» Data extract:
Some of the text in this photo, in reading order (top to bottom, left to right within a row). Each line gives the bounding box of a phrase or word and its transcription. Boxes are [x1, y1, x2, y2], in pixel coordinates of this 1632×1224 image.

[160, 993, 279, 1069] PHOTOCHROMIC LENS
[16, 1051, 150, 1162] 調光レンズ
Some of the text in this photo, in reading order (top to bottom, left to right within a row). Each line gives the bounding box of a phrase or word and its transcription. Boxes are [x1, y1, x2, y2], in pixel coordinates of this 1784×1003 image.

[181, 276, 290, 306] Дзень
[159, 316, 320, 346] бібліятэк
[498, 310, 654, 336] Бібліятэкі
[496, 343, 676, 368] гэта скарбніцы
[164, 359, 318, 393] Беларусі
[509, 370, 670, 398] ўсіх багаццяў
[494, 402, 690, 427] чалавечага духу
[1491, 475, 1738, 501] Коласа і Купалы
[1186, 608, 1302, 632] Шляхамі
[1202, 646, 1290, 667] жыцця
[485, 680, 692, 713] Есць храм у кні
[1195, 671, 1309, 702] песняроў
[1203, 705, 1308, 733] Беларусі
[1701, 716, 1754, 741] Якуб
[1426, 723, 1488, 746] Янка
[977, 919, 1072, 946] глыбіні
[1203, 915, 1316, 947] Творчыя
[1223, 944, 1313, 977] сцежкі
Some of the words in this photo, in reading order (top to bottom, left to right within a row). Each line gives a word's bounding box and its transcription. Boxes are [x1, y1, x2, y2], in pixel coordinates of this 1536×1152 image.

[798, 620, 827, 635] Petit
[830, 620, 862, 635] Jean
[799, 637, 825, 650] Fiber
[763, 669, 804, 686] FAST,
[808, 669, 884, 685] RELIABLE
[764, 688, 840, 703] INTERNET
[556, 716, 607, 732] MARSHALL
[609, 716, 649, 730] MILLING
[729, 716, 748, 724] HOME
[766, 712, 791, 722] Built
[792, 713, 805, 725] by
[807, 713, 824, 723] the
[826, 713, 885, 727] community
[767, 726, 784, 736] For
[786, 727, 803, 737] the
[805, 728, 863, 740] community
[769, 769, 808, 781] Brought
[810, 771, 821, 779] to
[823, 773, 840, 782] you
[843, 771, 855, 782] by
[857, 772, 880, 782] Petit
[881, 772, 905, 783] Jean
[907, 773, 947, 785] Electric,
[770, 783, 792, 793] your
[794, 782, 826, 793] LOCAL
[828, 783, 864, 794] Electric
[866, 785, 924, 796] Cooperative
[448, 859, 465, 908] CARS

» Try it: Reproduce the entire listing above exactly, leaving nothing out.

» Exercise answer:
Some of the text in this photo, in reading order (top to bottom, left to right within a row). Each line gives the bounding box of a phrase or word and its transcription. Boxes are [x1, y1, x2, y2], in pixel coordinates of this 1632×1224 image.

[160, 993, 279, 1069] PHOTOCHROMIC LENS
[16, 1051, 150, 1162] 調光レンズ
Some of the text in this photo, in reading order (top to bottom, left to right within a row). Each line gives the bounding box of a phrase or word and its transcription. Boxes are [x1, y1, x2, y2], in pixel coordinates of this 1784×1003 image.

[181, 276, 290, 306] Дзень
[159, 316, 320, 346] бібліятэк
[498, 310, 654, 336] Бібліятэкі
[496, 343, 676, 368] гэта скарбніцы
[164, 359, 318, 393] Беларусі
[509, 370, 670, 398] ўсіх багаццяў
[494, 402, 690, 427] чалавечага духу
[1491, 475, 1738, 501] Коласа і Купалы
[1186, 608, 1302, 632] Шляхамі
[1202, 646, 1290, 667] жыцця
[485, 680, 692, 713] Есць храм у кні
[1195, 671, 1309, 702] песняроў
[1203, 705, 1308, 733] Беларусі
[1701, 716, 1754, 741] Якуб
[1426, 723, 1488, 746] Янка
[977, 919, 1072, 946] глыбіні
[1203, 915, 1316, 947] Творчыя
[1223, 944, 1313, 977] сцежкі
Some of the words in this photo, in reading order (top to bottom, left to right within a row). Each line gives a word's bounding box and its transcription. Boxes are [x1, y1, x2, y2], in pixel coordinates of this 1536×1152 image.

[798, 620, 827, 635] Petit
[830, 620, 862, 635] Jean
[799, 637, 825, 650] Fiber
[763, 669, 804, 686] FAST,
[808, 669, 884, 685] RELIABLE
[764, 688, 840, 703] INTERNET
[556, 716, 607, 732] MARSHALL
[609, 716, 649, 730] MILLING
[729, 716, 748, 724] HOME
[766, 712, 791, 722] Built
[792, 713, 805, 725] by
[807, 713, 824, 723] the
[826, 713, 885, 727] community
[767, 726, 784, 736] For
[786, 727, 803, 737] the
[805, 728, 863, 740] community
[769, 769, 808, 781] Brought
[810, 771, 821, 779] to
[823, 773, 840, 782] you
[843, 771, 855, 782] by
[857, 772, 880, 782] Petit
[881, 772, 905, 783] Jean
[907, 773, 947, 785] Electric,
[770, 783, 792, 793] your
[794, 782, 826, 793] LOCAL
[828, 783, 864, 794] Electric
[866, 785, 924, 796] Cooperative
[448, 859, 465, 908] CARS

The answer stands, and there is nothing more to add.